YOUR OBJECTIVE
Reproduce the listing below exactly, except for its pictures.

MATERIAL FOR THE TASK
____________
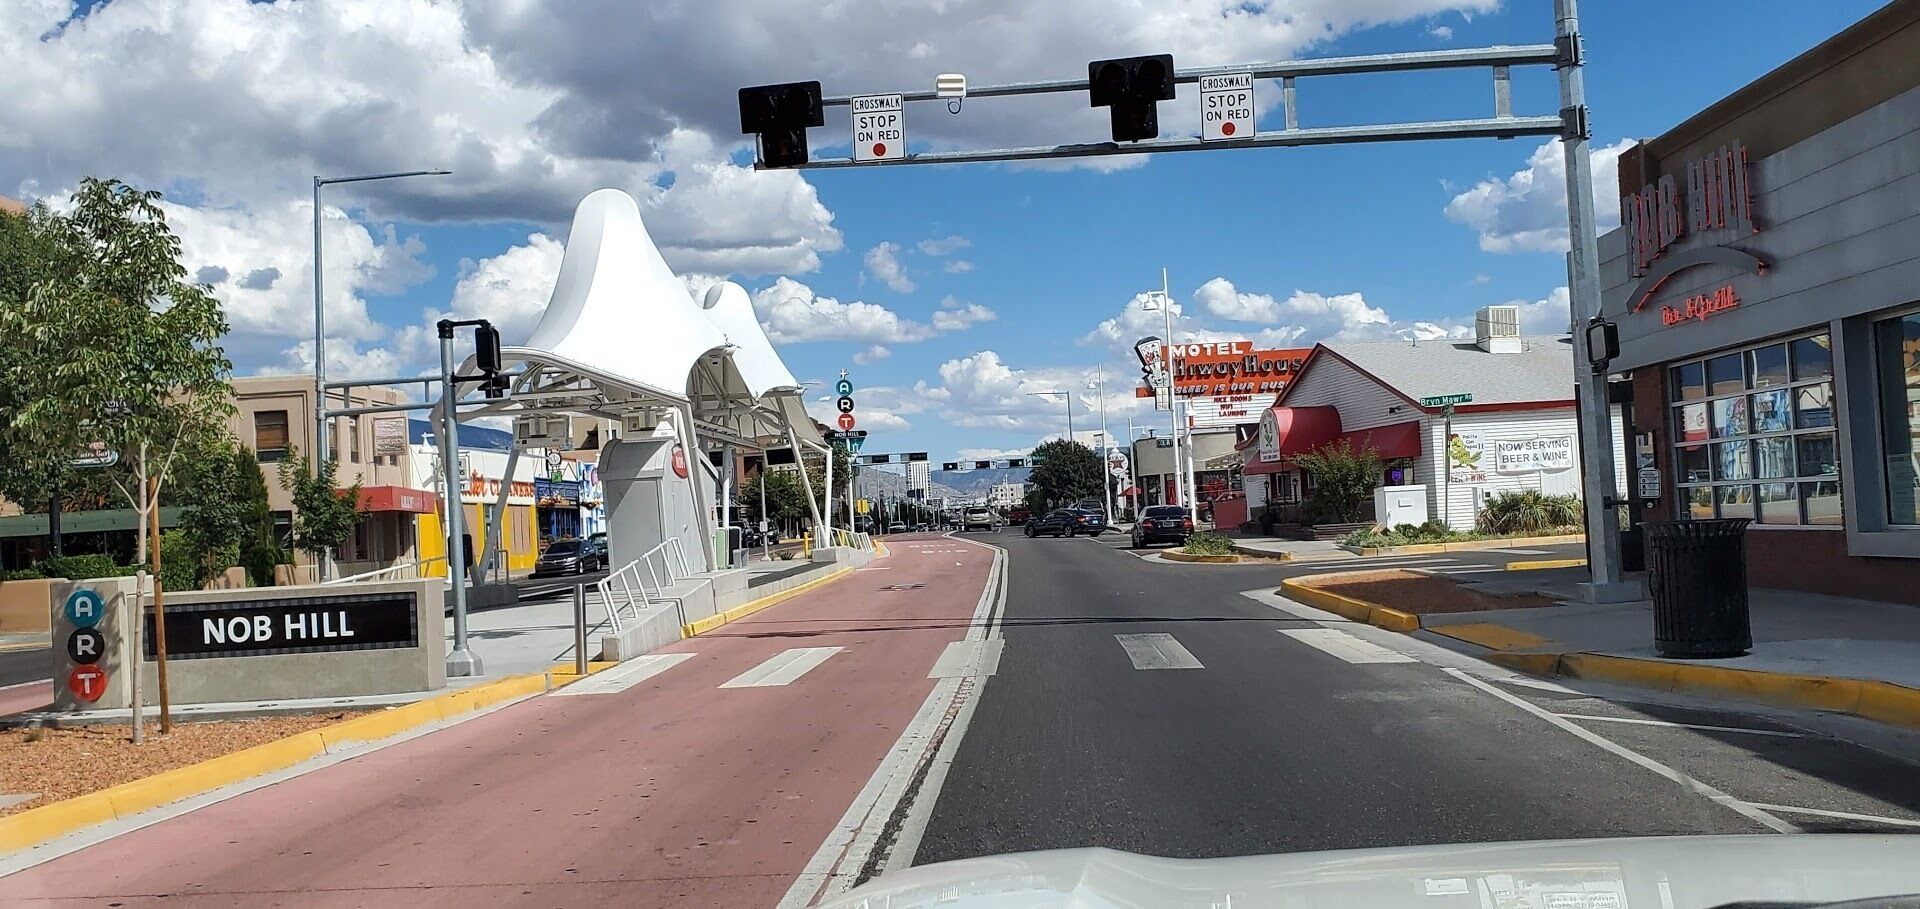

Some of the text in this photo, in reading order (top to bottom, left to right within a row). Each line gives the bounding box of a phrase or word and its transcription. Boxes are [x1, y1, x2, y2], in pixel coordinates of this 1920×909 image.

[1203, 76, 1250, 89] CROSSWALK
[854, 97, 900, 110] CROSSWALK
[1208, 94, 1246, 108] STOP
[860, 115, 896, 128] STOP
[1206, 109, 1250, 121] ON RED
[858, 130, 900, 141] ON RED
[1623, 137, 1757, 281] NOB HILL
[1170, 342, 1244, 357] MOTEL
[1174, 380, 1288, 394] SLEEP IS OUR BUS
[1230, 395, 1253, 403] ROOMS
[1420, 398, 1440, 406] Bryn
[1442, 395, 1463, 405] Mawr
[1498, 439, 1569, 452] NOW SERVING
[1502, 451, 1568, 463] BEER & WINE
[1471, 473, 1487, 482] WINE
[490, 479, 534, 497] CLANERS
[203, 611, 354, 645] NOB HILL
____________
EXERCISE SOLUTION
Some of the text in this photo, in reading order (top to bottom, left to right within a row). Each line gives the bounding box of a phrase or word and its transcription. Boxes are [x1, y1, x2, y2], in pixel coordinates of this 1920×909 image.

[1203, 76, 1250, 89] CROSSWALK
[854, 97, 900, 110] CROSSWALK
[1208, 94, 1246, 108] STOP
[860, 115, 896, 128] STOP
[1206, 109, 1250, 121] ON RED
[858, 130, 900, 141] ON RED
[1623, 137, 1757, 281] NOB HILL
[1170, 342, 1244, 357] MOTEL
[1174, 380, 1288, 394] SLEEP IS OUR BUS
[1230, 395, 1253, 403] ROOMS
[1420, 398, 1440, 406] Bryn
[1442, 395, 1463, 405] Mawr
[1498, 439, 1569, 452] NOW SERVING
[1502, 451, 1568, 463] BEER & WINE
[1471, 473, 1487, 482] WINE
[490, 479, 534, 497] CLANERS
[203, 611, 354, 645] NOB HILL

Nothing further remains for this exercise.